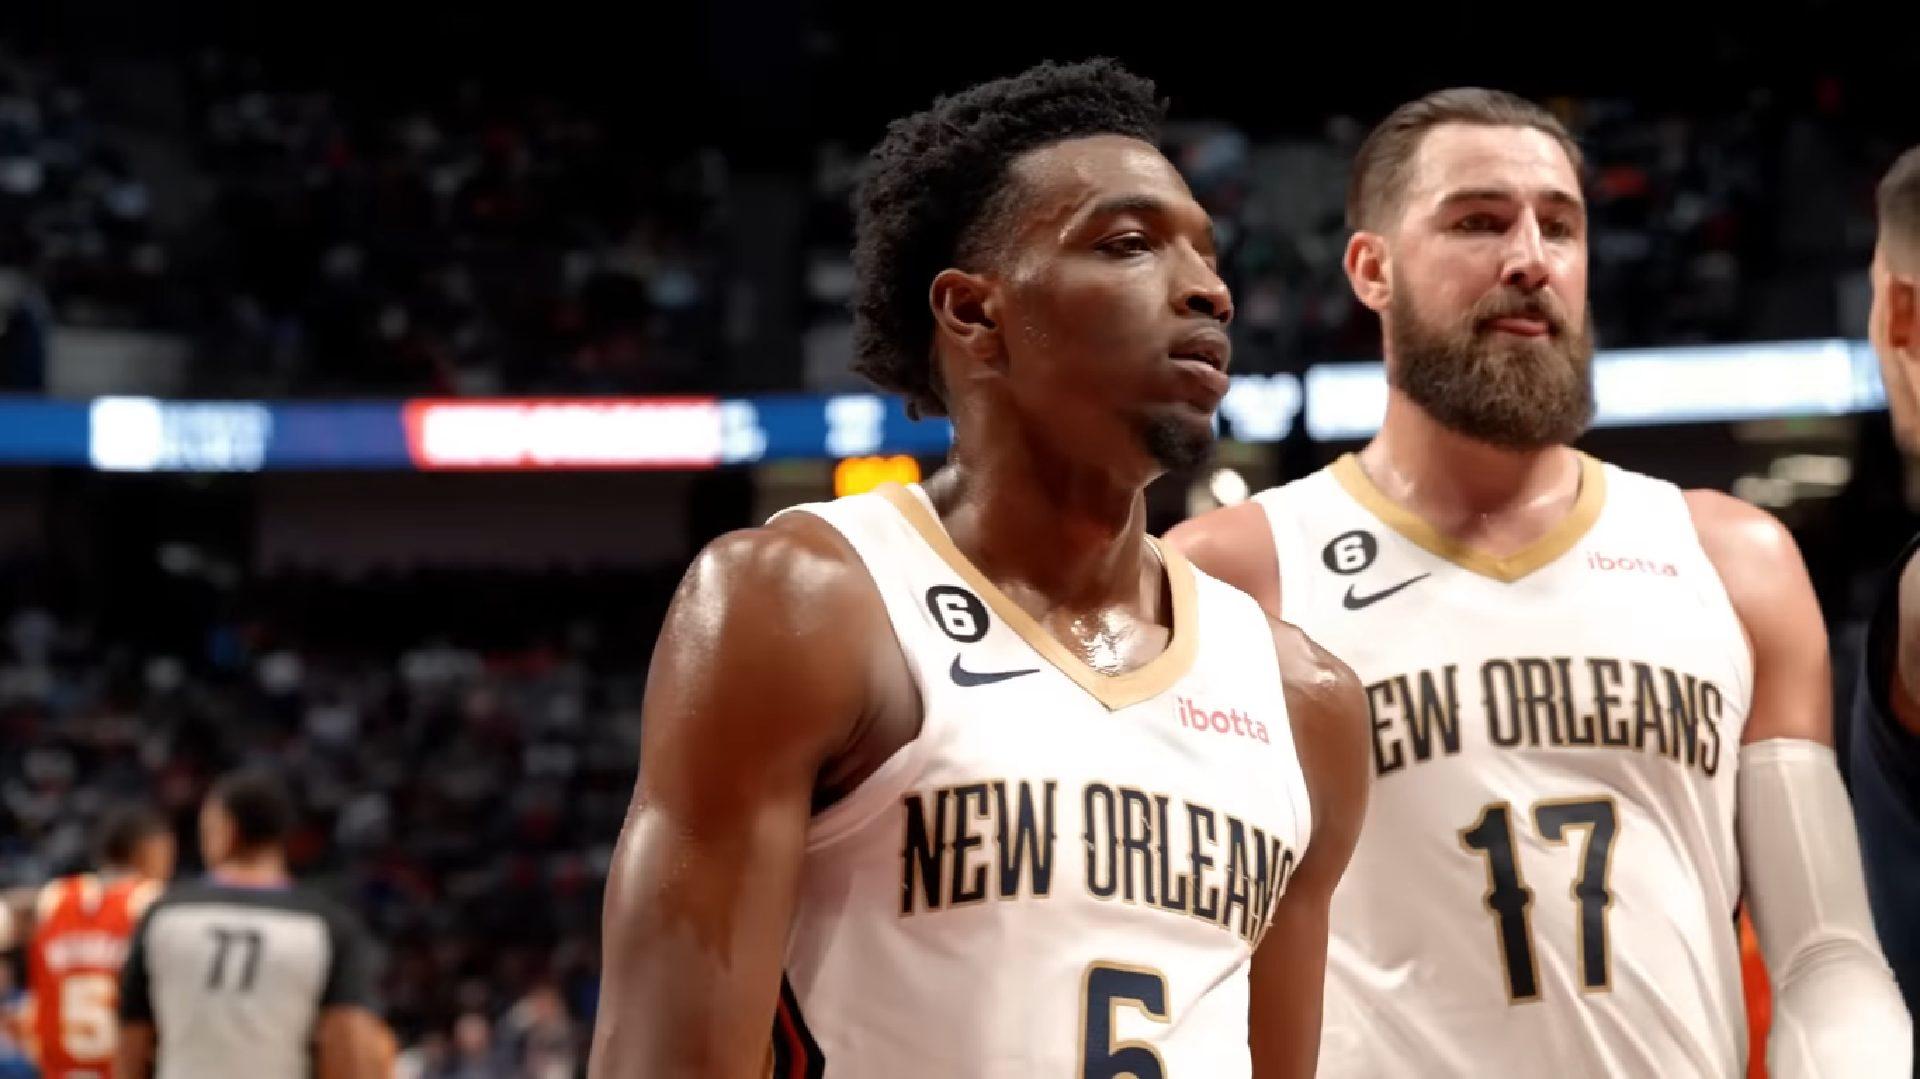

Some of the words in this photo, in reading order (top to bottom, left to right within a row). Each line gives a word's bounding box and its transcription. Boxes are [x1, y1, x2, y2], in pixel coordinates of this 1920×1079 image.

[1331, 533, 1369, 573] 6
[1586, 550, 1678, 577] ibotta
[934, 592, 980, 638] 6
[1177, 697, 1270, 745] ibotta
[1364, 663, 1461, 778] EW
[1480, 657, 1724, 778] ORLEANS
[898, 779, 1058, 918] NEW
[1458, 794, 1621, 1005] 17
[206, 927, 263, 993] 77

* **Your objective**
What you return should match the entries word for word, pictures aside.

* **Exercise response**
Some of the words in this photo, in reading order (top to bottom, left to right within a row). Each line gives a word's bounding box and its transcription. Boxes are [x1, y1, x2, y2], in pixel coordinates of this 1920×1079 image.

[1331, 533, 1369, 573] 6
[1586, 550, 1678, 577] ibotta
[934, 592, 980, 638] 6
[1177, 697, 1270, 745] ibotta
[1364, 663, 1461, 778] EW
[1480, 657, 1724, 778] ORLEANS
[898, 779, 1058, 918] NEW
[1458, 794, 1621, 1005] 17
[206, 927, 263, 993] 77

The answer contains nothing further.